The Agriculture, Fisheries and Conservation Department announced that the carcass of the whale that was found in Hong Kong waters last week will be buried near High Island Reservoir West Dam in Sai Kung on August 7.

The department added that the necropsy of the carcass is complete, but that the tissue samples are still being analysed. The whale’s remains will be sent to Ocean Park after natural decay for research.

A whale was found floating motionlessly in the waters near Port Shelter off the coast of Sai Kung on the morning of July 31. Video footage emerged of the lifeless mammal near the surface of the water near a boat, with what appeared to be its internal organs spilling outside its body.

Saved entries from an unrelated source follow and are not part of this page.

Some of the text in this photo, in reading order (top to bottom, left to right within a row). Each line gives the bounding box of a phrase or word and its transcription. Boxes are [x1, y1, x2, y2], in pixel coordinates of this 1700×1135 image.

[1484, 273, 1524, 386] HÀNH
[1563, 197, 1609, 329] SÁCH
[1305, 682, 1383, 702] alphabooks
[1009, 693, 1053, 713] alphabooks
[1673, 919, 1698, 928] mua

The body of what is thought to be a Bryde’s whale floating in Hong Kong waters

It was salvaged later that day and marine experts began conducting a necropsy on it to confirm the mammal’s species and pinpoint the cause of its death.

Earlier, marine experts urged the public not to distress the whale by chasing it on boats or getting too close to it. This request came after photographs appeared online showing propeller marks on the whale’s back.

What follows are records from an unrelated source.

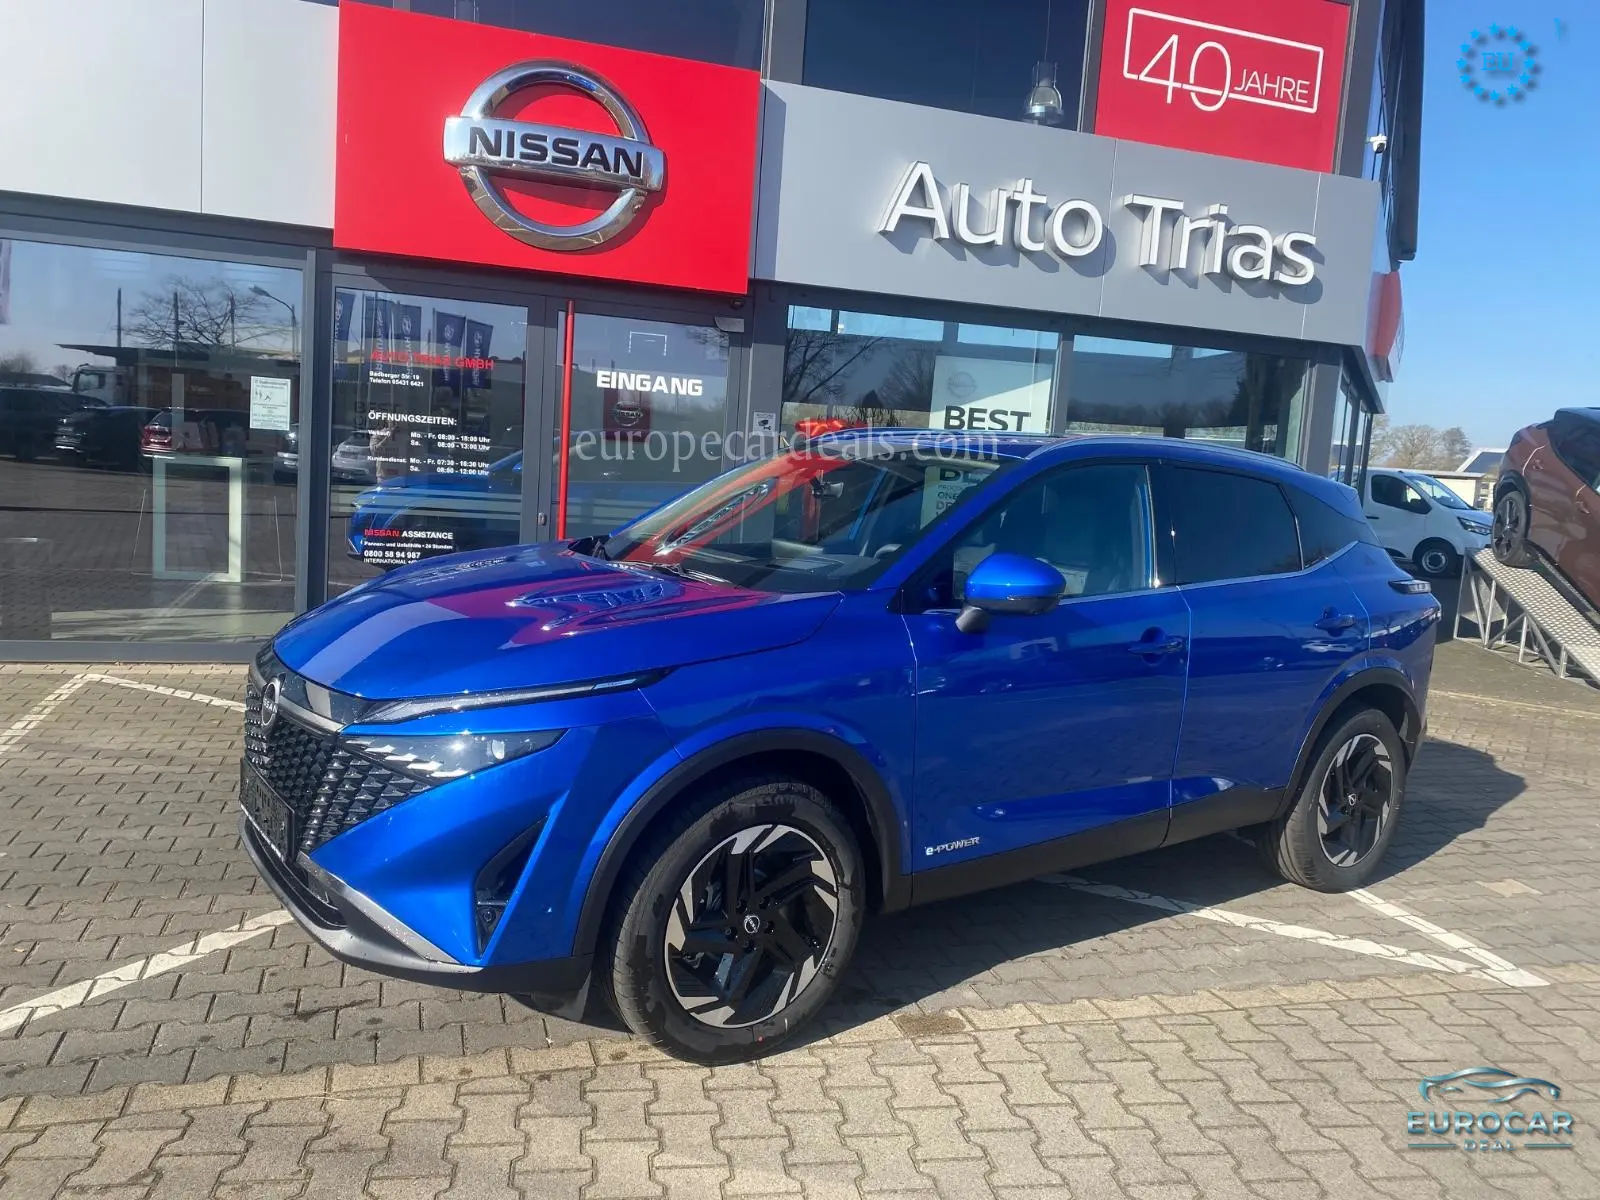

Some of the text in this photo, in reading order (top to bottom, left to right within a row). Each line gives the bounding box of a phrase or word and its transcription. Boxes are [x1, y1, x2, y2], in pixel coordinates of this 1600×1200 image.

[1138, 34, 1310, 112] 40 JAHRE
[469, 126, 643, 178] NISSAN
[878, 160, 1318, 285] Auto Trias
[455, 357, 495, 370] GMBH
[369, 377, 391, 385] Telefon
[596, 370, 704, 396] EINGANG
[368, 410, 457, 425] ÖFFNUNGSZEITEN:
[944, 405, 1032, 432] BEST
[410, 431, 421, 439] Mo.
[428, 432, 437, 440] Fr.
[478, 443, 491, 451] Uhr
[410, 465, 421, 473] Sa.
[477, 469, 490, 477] Uhr
[477, 461, 490, 470] Uhr
[364, 529, 453, 539] NISSAN ASSISTANCE
[384, 551, 394, 559] 58
[395, 551, 405, 559] 94
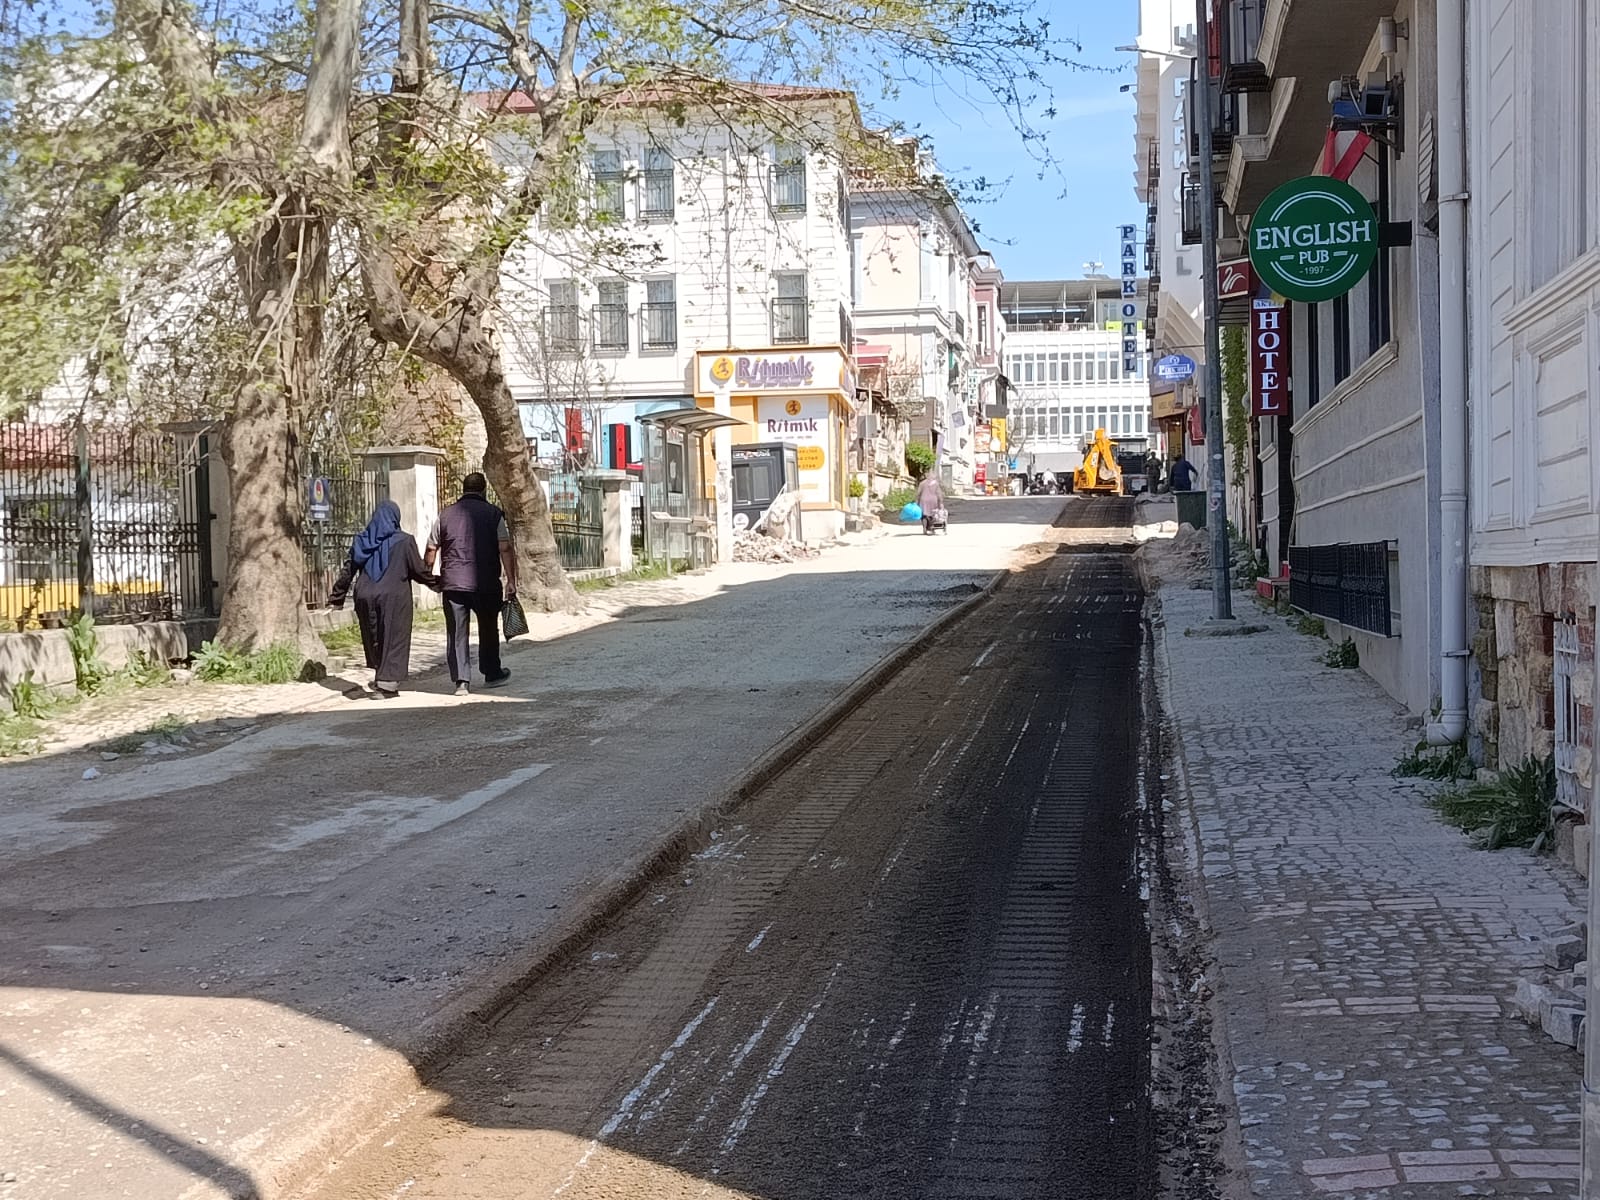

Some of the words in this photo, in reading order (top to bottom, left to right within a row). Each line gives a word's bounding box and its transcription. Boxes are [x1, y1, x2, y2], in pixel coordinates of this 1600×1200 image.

[1255, 219, 1372, 250] ENGLISH
[1122, 226, 1136, 293] PARK
[1299, 250, 1330, 265] PUB
[1122, 304, 1136, 371] OTEL
[737, 355, 815, 378] Ritmik
[1257, 311, 1280, 410] HOTEL
[767, 417, 818, 433] Ritmik

The seven-metre-long whale — thought to be a Bryde’s Whale — was first spotted feeding near Millionaire’s Beach off the coast of Sai Kung in mid-July. Since then, several videos emerged of the whale coming to the surface of the water, opening its mouth to feed, and then returning underwater.

Bryde’s whales are tropical mammals and, while they do not usually frequent Hong Kong waters, it is not unusual to see them in the region. The last time a Bryde’s whale was spotted in the vicinity of the territory was in 2021, when one was sighted in the waters of Dapeng New District and Yantian District in between late-July and August of that year.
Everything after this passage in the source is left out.